Friday, January 10, 2014

Bittersweet Loneliness

            I’ll admit something here.  I have always been a lonely person.  I have prayed for deeper friendships, and I have sought to establish strong relationships with others at various times.  But many of these efforts didn’t work, and I still found myself lonely.  And I lamented this for years, feeling like something was wrong with me and like it had to be different for me to be happy.  And this is one big “should” that I have had to face, to give over to the Lord. 


            I come from a very broken home.  My mom and I have never had the close kind of relationship that other mothers and daughters do.  (To be fair, it’s as good as it can be right now.  But we've come a long way, through many messy years.)  And my biological father doesn’t really have anything to do with me.  And it always seems that no matter how hard I try to develop lasting friendship, no one else needs me the way I need them.  And this has been a source of extreme sadness and ache for me.  I just don’t feel like I have people who I can lean on and who really want to know me.  (Expect my husband and kids, my old college roommate, and one or two more friends-in-the-making.  But even then, I only talk to a friend about once a week because we are all so busy and I don’t have a car to get out and visit with people.)
            I’ve always felt like people “should” have deep friendships.  “Should” need each other.  “Should” have a family-of-origin that is their strongest, most lasting support system.  “Should” visit regularly over coffee and share prayer requests with each other.  But what do you do when your dream doesn’t match reality?  When you never had a real friendship with members of your own family-of-origin?  When people you thought were friends let you down?  When you can’t find someone to share the journey with?
            I struggled with this for years, until I realized that loneliness is not a terminal condition, but it is a choice, in a way.  A state of mind.  We may not have much control over being alone, but we do have a choice about if we will let it get us down or not.
            God helped me get over me discouragement of being lonely by challenging me to see my situation in a different light.  One day while I was talking this over with God and myself, the thought hit me that if I lived on a prairie somewhere centuries ago, I would be in the middle of nowhere, with very few people around me.  And this is not too different from how I feel now.  And then I asked myself, Would I be able to handle this loneliness if I were on a prairie?
            And I decided that I would be able to graciously accept it because that’s the way it would be on a prairie; I wouldn’t have any expectations that things should be different.  And it dawned on me that if I could be content about loneliness under prairie conditions, then contentment really is a choice.  It was my expectations about how things “should” be that caused my discontentment.
            But if I could be content then, I could be content now.  And so I chose to be content with the loneliness.  I chose to accept it.  And I stopped asking God to bring me more friendships, and I started asking Him to help me bear the loneliness better.

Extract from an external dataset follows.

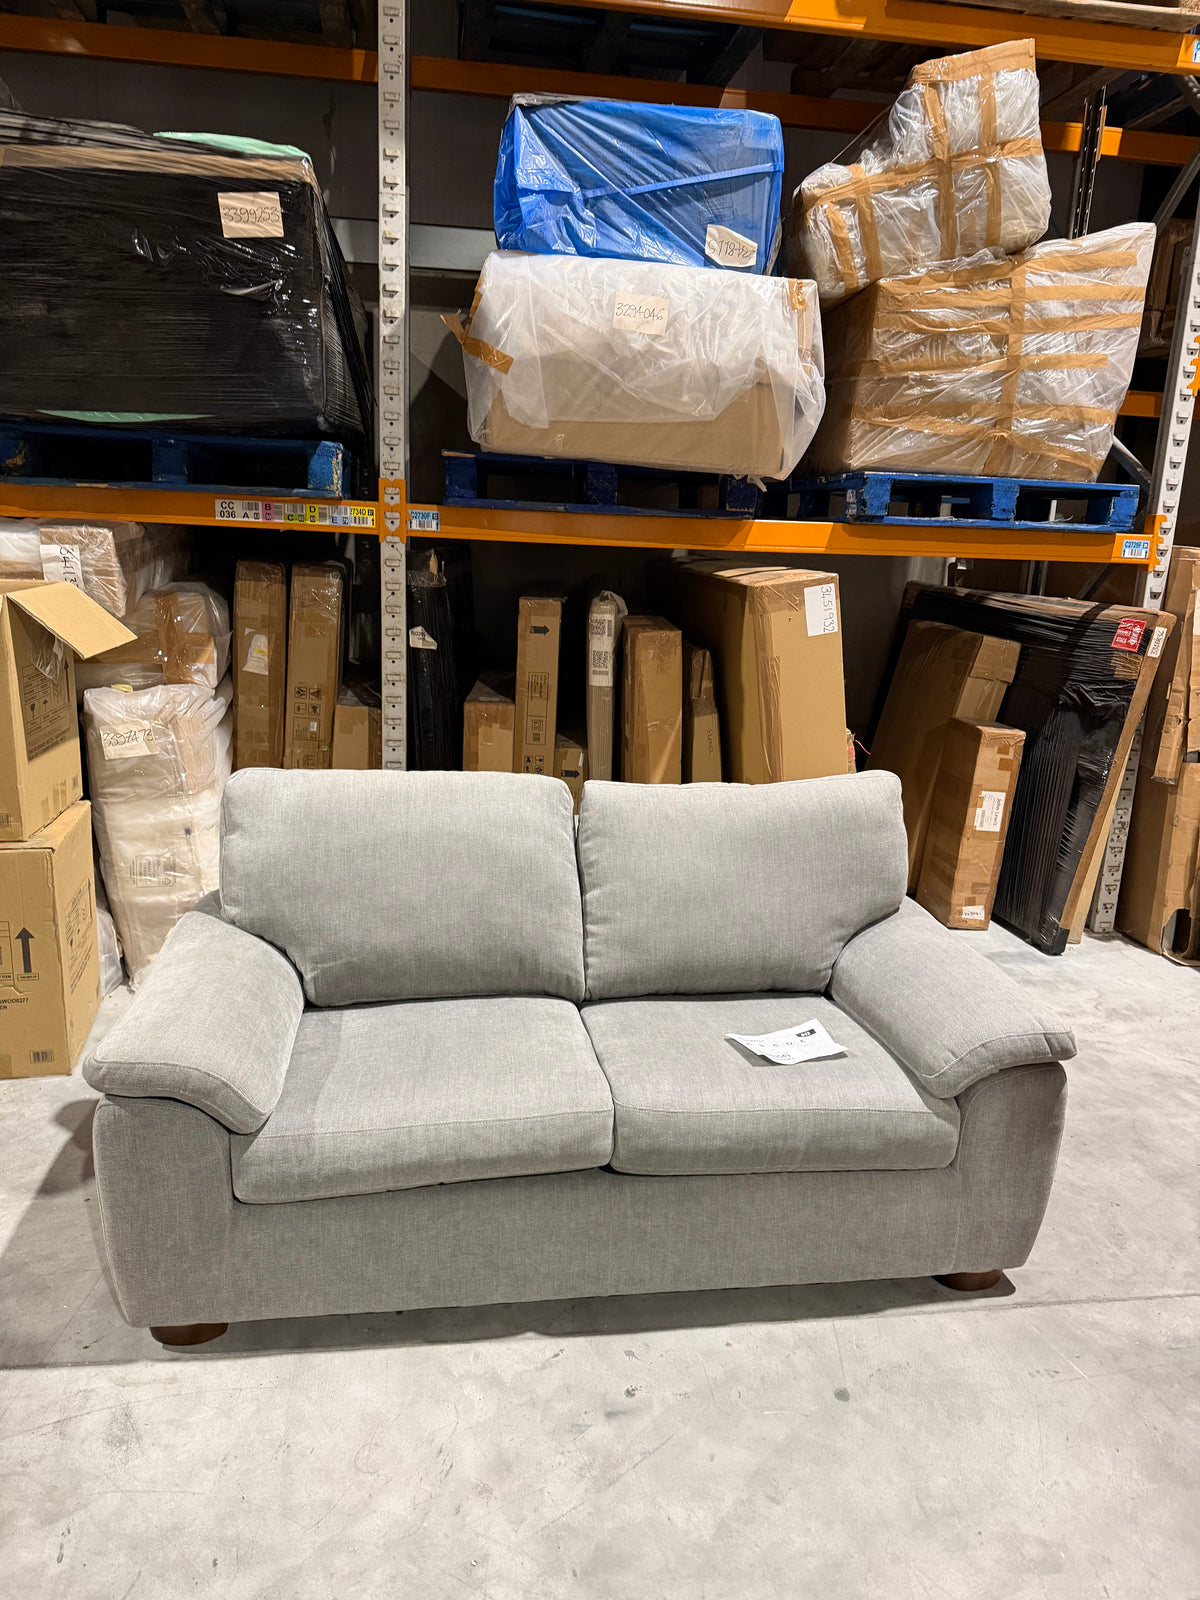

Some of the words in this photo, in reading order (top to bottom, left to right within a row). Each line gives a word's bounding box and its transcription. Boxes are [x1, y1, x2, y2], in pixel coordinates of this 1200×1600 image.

            “Lord, if I am always going to be a lonely person, help me be the best, most God-glorifying lonely person I can be.  Use my loneliness to open my eyes to the pain and needs of others, so that I can touch their lives and bring a little of Your light to them.”
            It’s a great blessing to get what we ask for, but it’s a greater, more eternal blessing to learn to be content without.  I can’t necessarily change my circumstances (trust me, I’ve tried), but I can change how I live in them.  And this was a huge key in helping me shift my focus from my despair to how I could glorify God anyway and be a blessing to others, even in the loneliness.

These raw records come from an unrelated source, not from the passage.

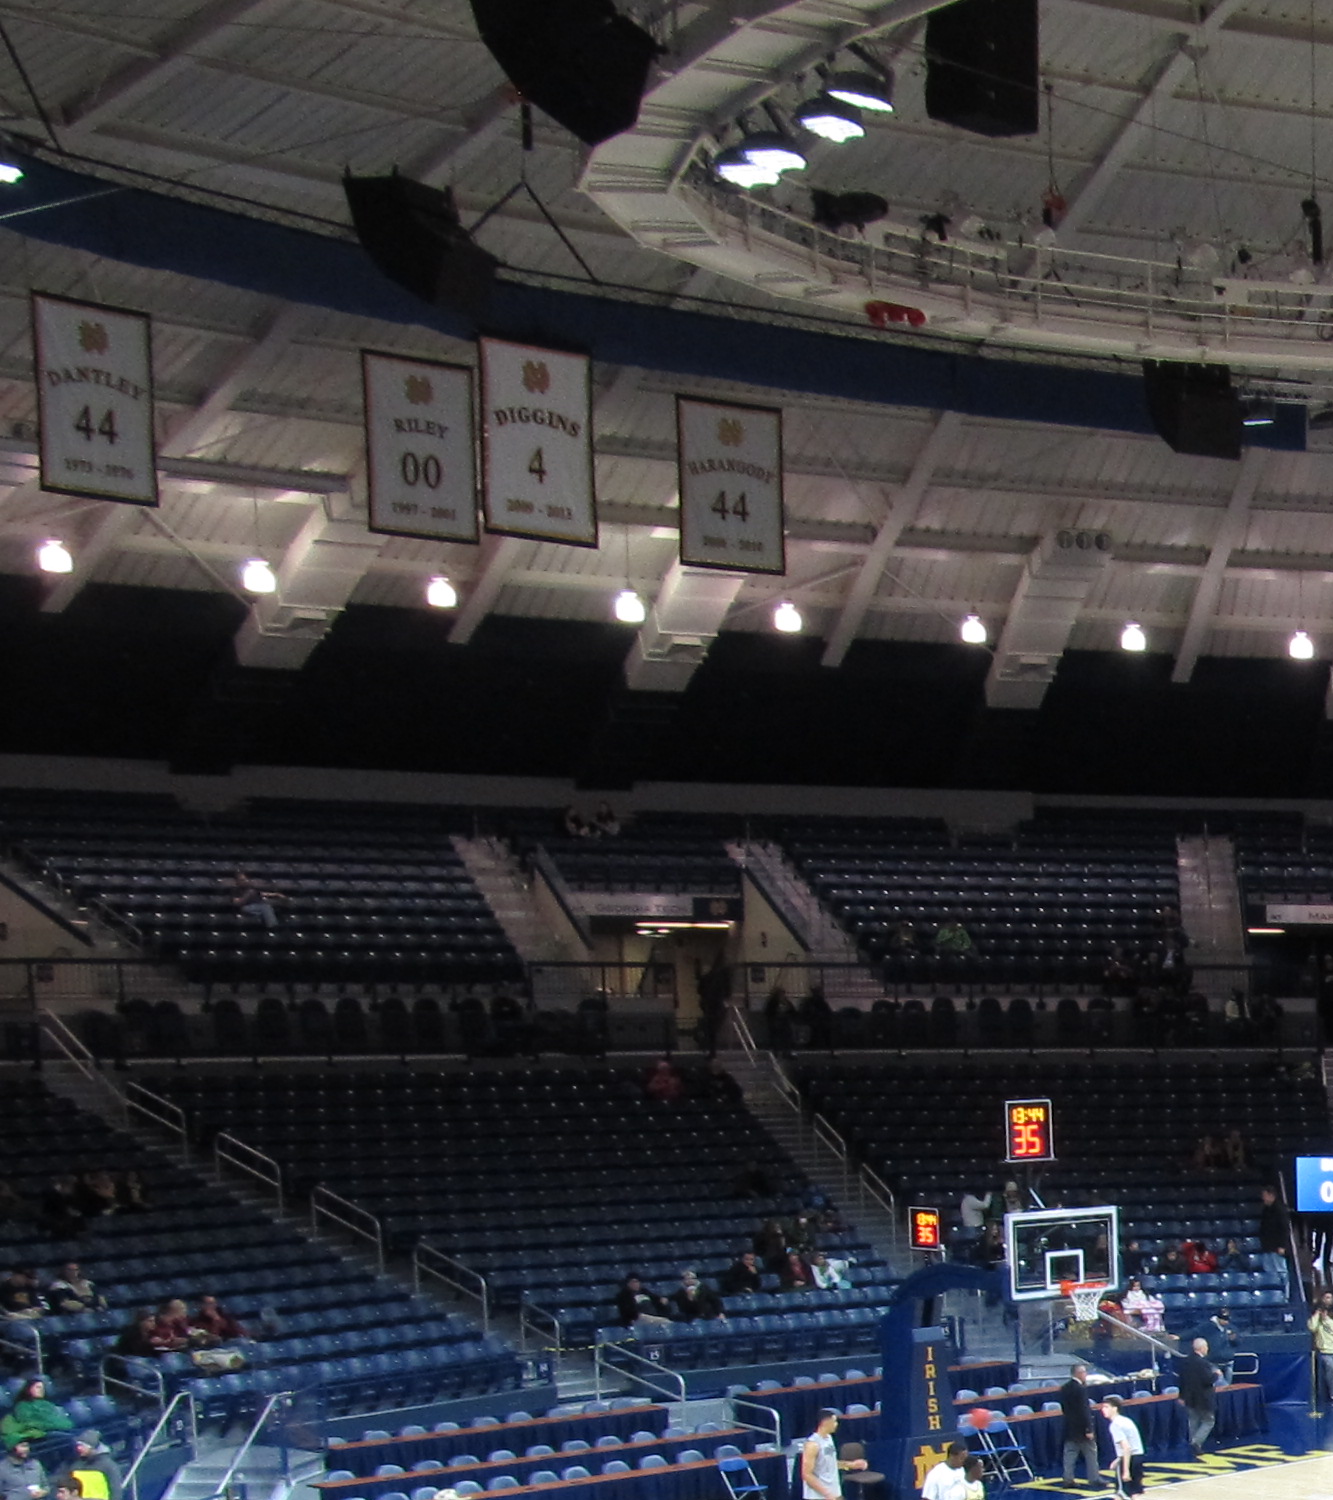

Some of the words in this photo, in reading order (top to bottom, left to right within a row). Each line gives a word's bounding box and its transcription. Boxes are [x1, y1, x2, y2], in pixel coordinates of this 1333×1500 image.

[46, 366, 149, 401] DANTLEY
[74, 404, 118, 445] 44
[393, 417, 449, 440] RILEY
[494, 406, 581, 438] DIGGINS
[402, 452, 442, 489] 00
[528, 446, 547, 484] 4
[711, 490, 750, 523] 44
[1011, 1106, 1045, 1124] 13:44
[1012, 1124, 1042, 1156] 35
[917, 1226, 935, 1244] 35
[923, 1346, 942, 1431] IRISH

            While I wish that things could have been different, I am learning to be content (most of the time) with things not being what they “should” be.  One of the greatest blessings of learning contentment has been learning to find God everywhere, to see touches of His goodness and grace and love and mercy in everything.  Even in places where I never thought to look for Him before.  In the unfulfilled dreams and longings.  In the past hurts and present losses.  In the “give” and the “take away.”  In the loneliness and the aching heart.  In the mundane, daily tasks of living, as I serve the Lord by doing my best to serve my family or as I talk with Him while washing dishes, soap up to my elbows.  And in my favorite place - in the solitude of my own backyard - as I experience His friendship in the colorful roses and the curious chickadees, the industrious bees and the marvelously different patterns on dried beans.  God’s goodness is everywhere!
            I don’t need to strive to make things different than what they are; I just need to learn to sit back and find God where He has placed me today.  Because if I can find Him anywhere, in everything, I’ll never really be lonely again.
            As I said before, over the years, I have learned to be thankful for the hard lessons.  It’s not the way that I would have wanted to learn them, but it’s the way they happened.  And that’s just life.  I just thank God so much that eventually all things will be made right.  That in eternity, relationships will be what they are supposed to be and I’ll have the closeness and depth that I crave.  But until then, my focus should not be on what I don’t have, but on what I do have and on how God can use it to be a blessing to others.  For His kingdom and for His glory.  Amen!